Segment Start: Records provided
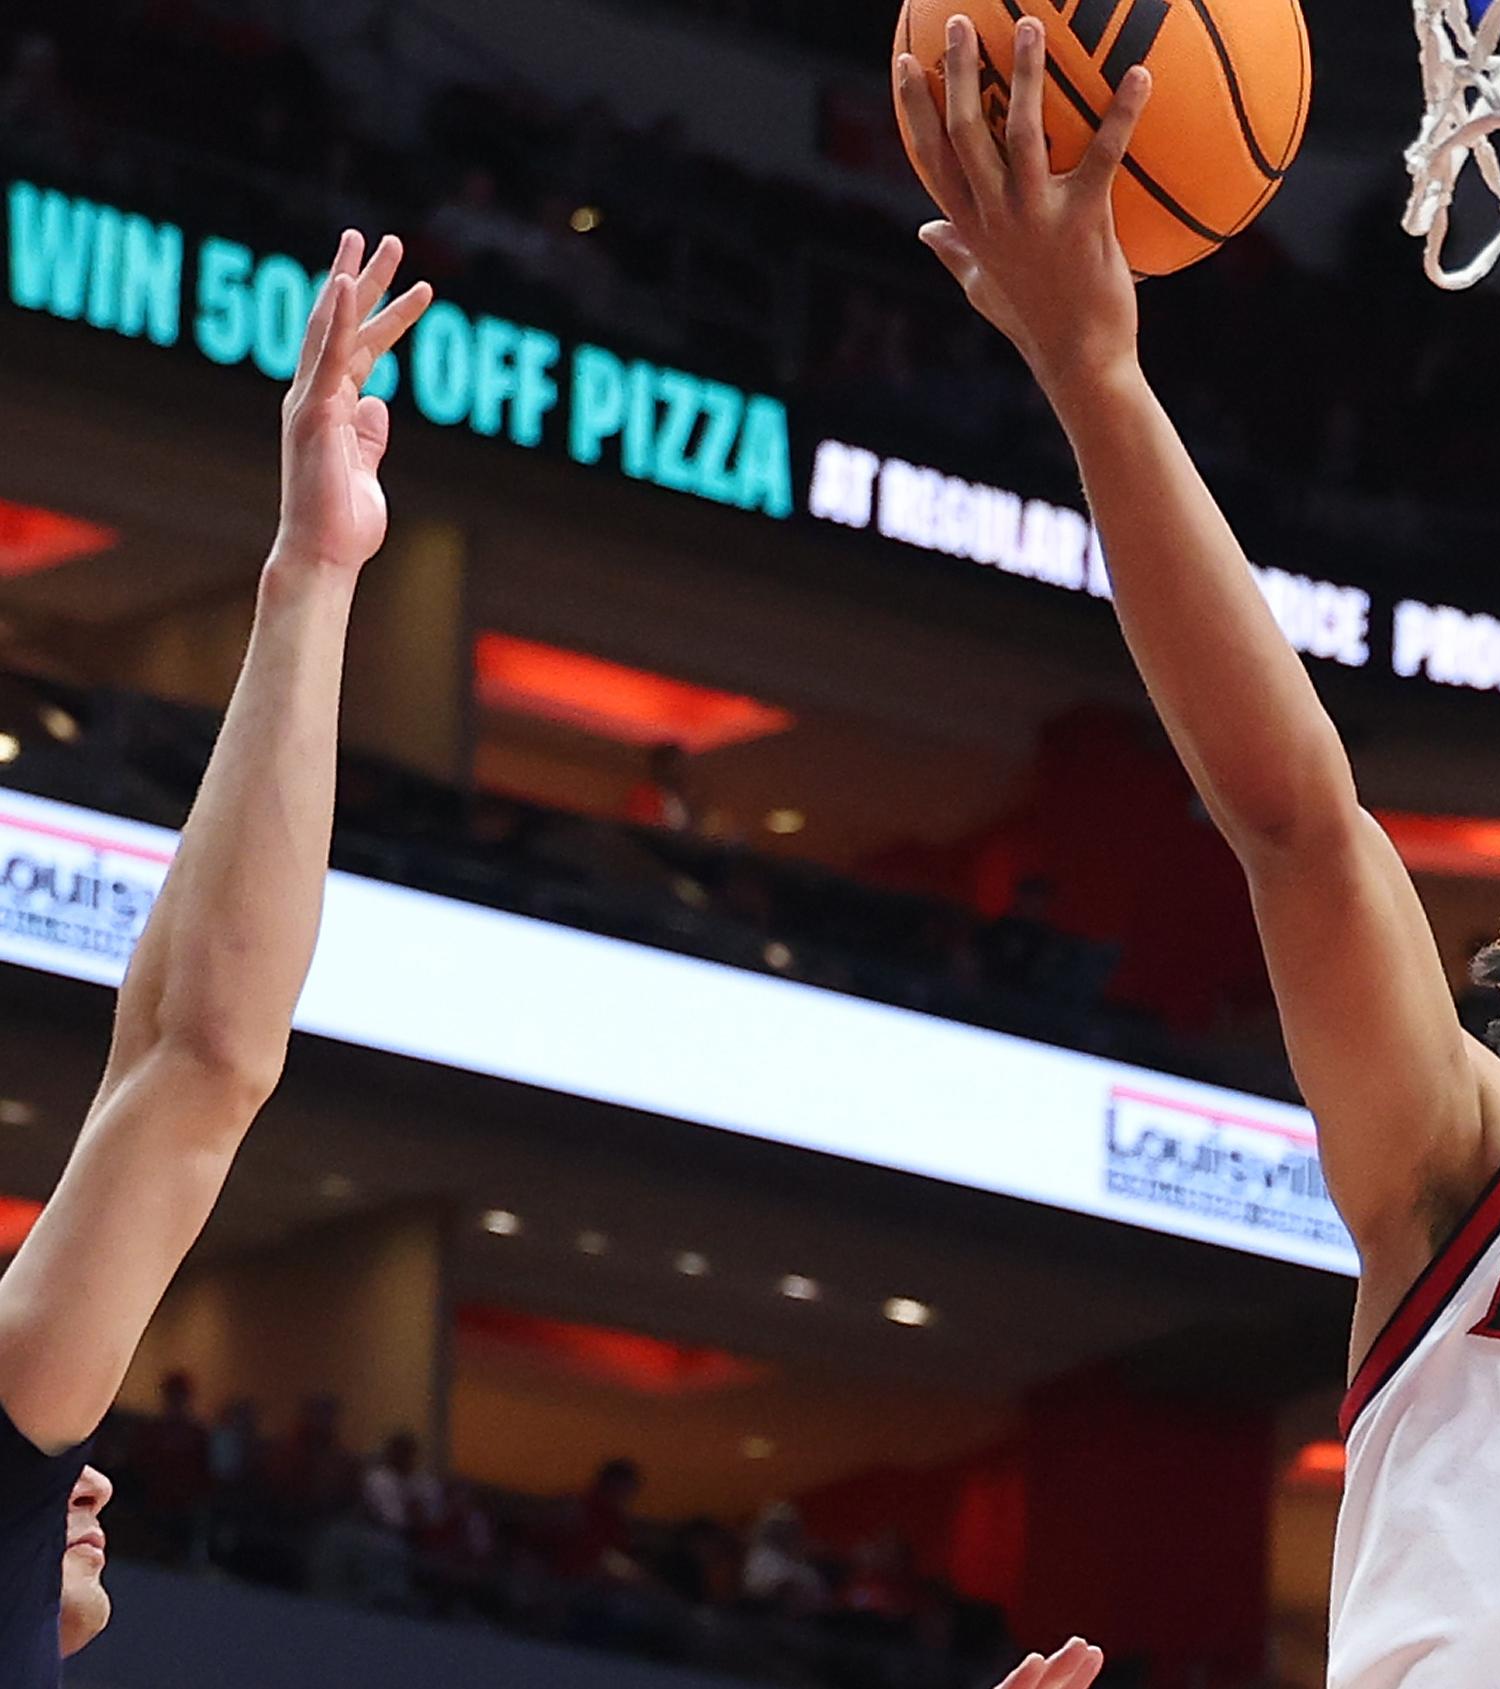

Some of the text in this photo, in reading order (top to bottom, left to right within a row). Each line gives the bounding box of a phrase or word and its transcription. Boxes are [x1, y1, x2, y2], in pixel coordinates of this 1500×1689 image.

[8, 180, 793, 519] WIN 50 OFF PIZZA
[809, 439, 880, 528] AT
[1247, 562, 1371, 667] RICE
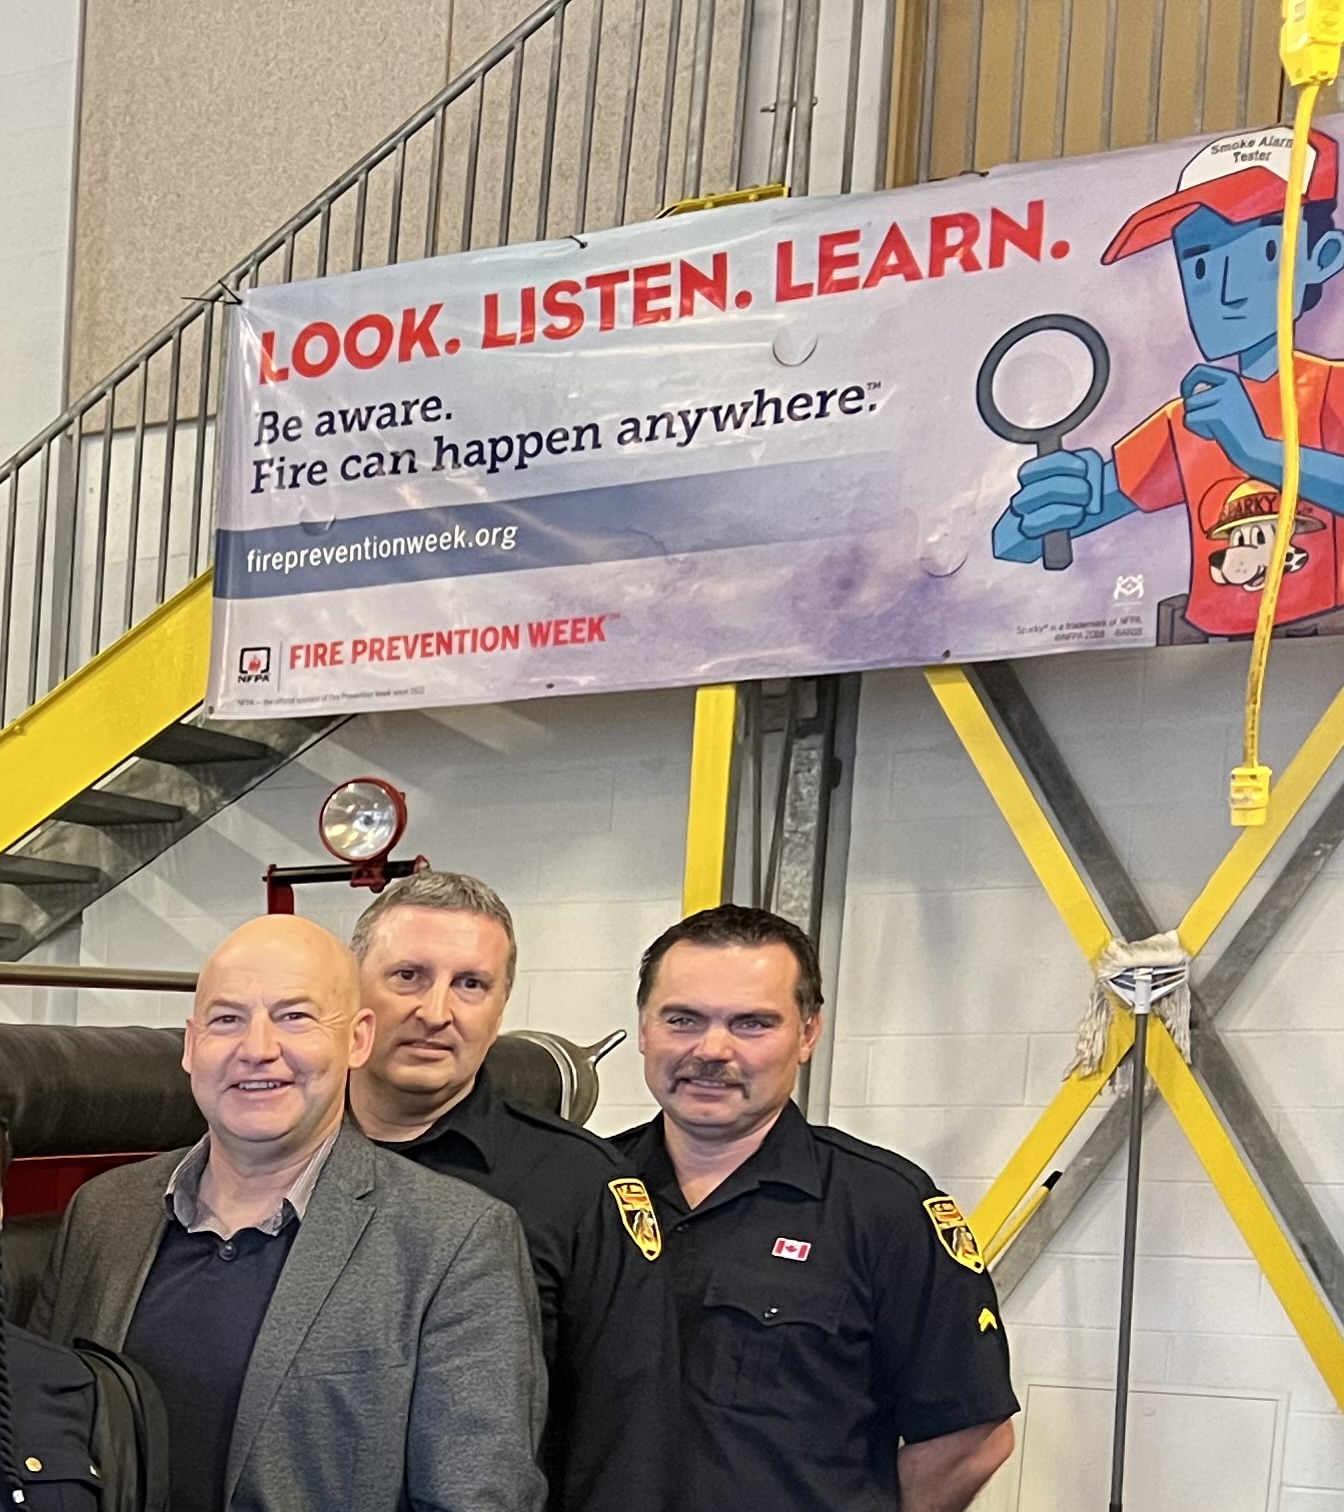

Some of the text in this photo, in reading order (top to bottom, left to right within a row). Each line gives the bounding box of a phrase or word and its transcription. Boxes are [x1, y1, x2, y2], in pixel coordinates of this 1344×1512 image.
Segment End: Records provided
#### To do:
All of the records above should be returned exactly, though the pictures should not.

#### Task response:
Some of the text in this photo, in reading order (top to bottom, left to right within a row). Each line gives the bounding box of a phrase or word and its transcription. Boxes are [x1, y1, x2, y2], in pixel coordinates of this 1500×1689 image.

[8, 180, 793, 519] WIN 50 OFF PIZZA
[809, 439, 880, 528] AT
[1247, 562, 1371, 667] RICE

Some of the text in this photo, in reading order (top to bottom, left to right within a row). Each line gives the bounding box of a phrase or word and its transcription. Boxes are [x1, y1, x2, y2], in pixel coordinates of this 1344×1512 image.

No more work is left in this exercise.